Saved entries:

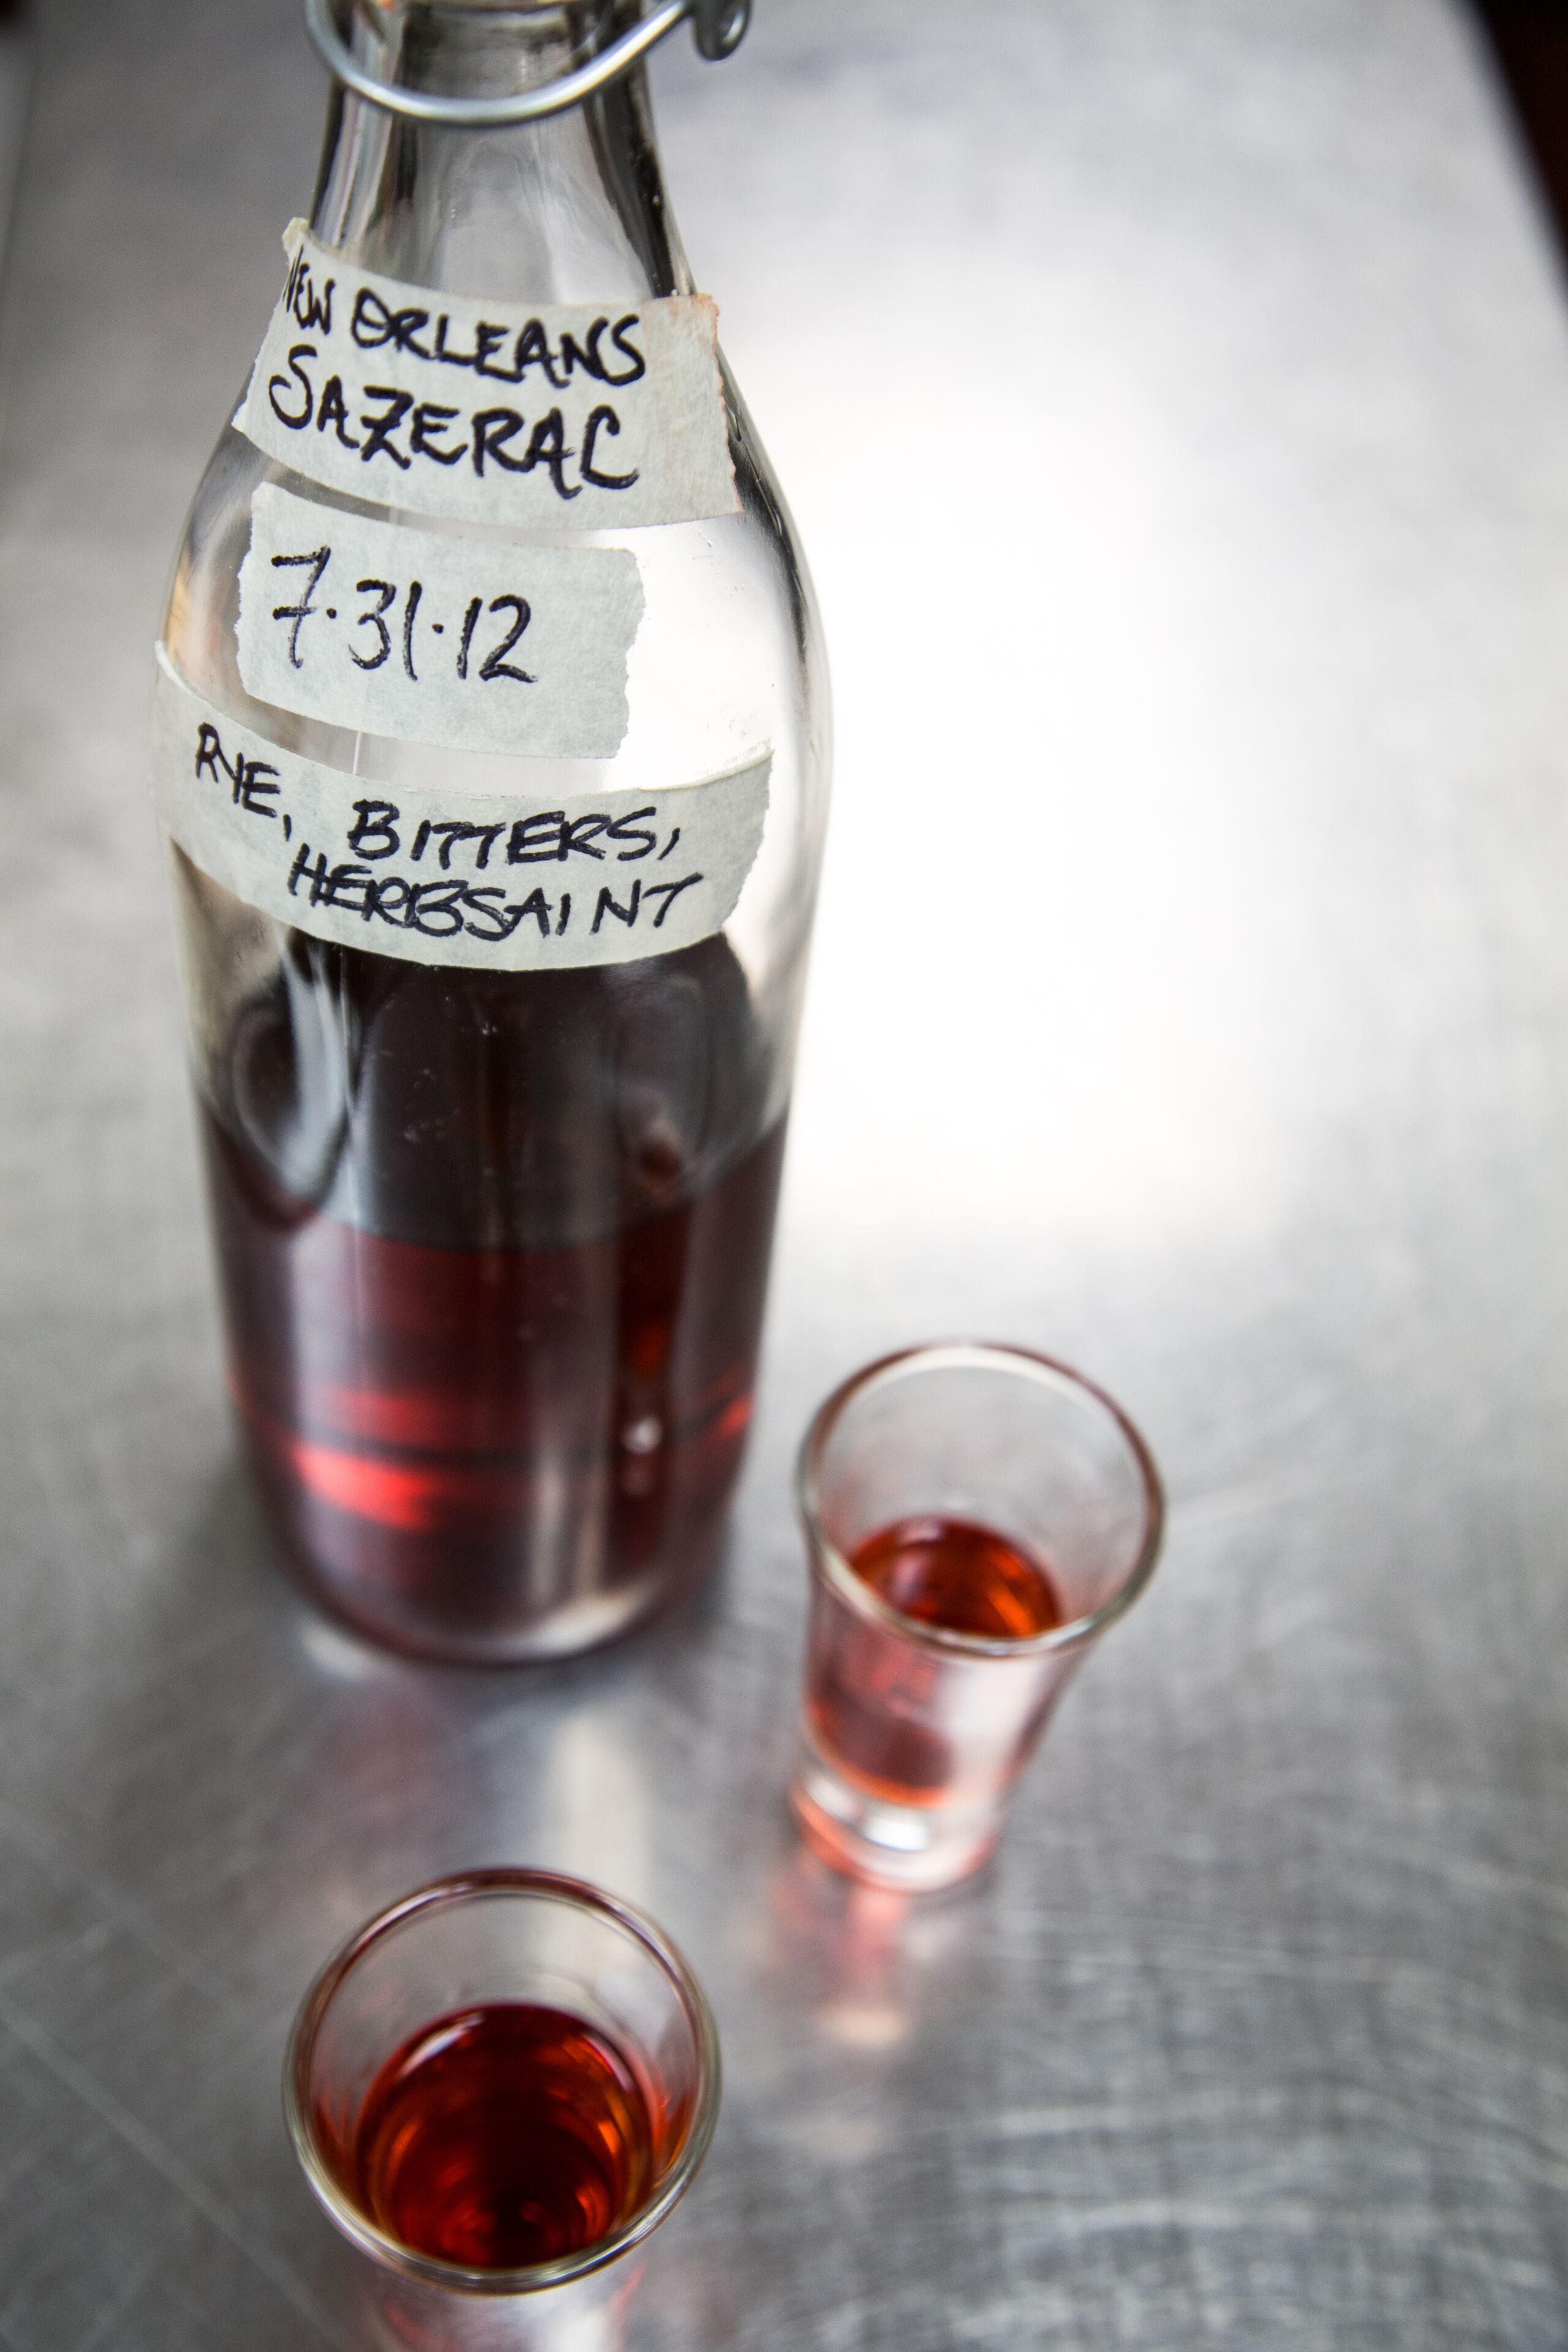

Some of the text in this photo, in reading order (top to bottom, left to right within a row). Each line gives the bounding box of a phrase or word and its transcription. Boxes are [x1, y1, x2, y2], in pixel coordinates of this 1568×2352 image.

[282, 244, 645, 388] NEW ORLEANS
[269, 344, 640, 499] SAZERAC
[195, 722, 680, 870] RYE, BITTERS,
[287, 843, 704, 941] HERBSAINT

PROBLEM DETAILS =>
Wherever a picture appears, omit it; copy the rest of the data exactly.

EXERCISE SOLUTION =>
Some of the text in this photo, in reading order (top to bottom, left to right within a row). Each line gives the bounding box of a phrase or word and its transcription. Boxes are [x1, y1, x2, y2], in pixel coordinates of this 1568×2352 image.

[282, 244, 645, 388] NEW ORLEANS
[269, 344, 640, 499] SAZERAC
[195, 722, 680, 870] RYE, BITTERS,
[287, 843, 704, 941] HERBSAINT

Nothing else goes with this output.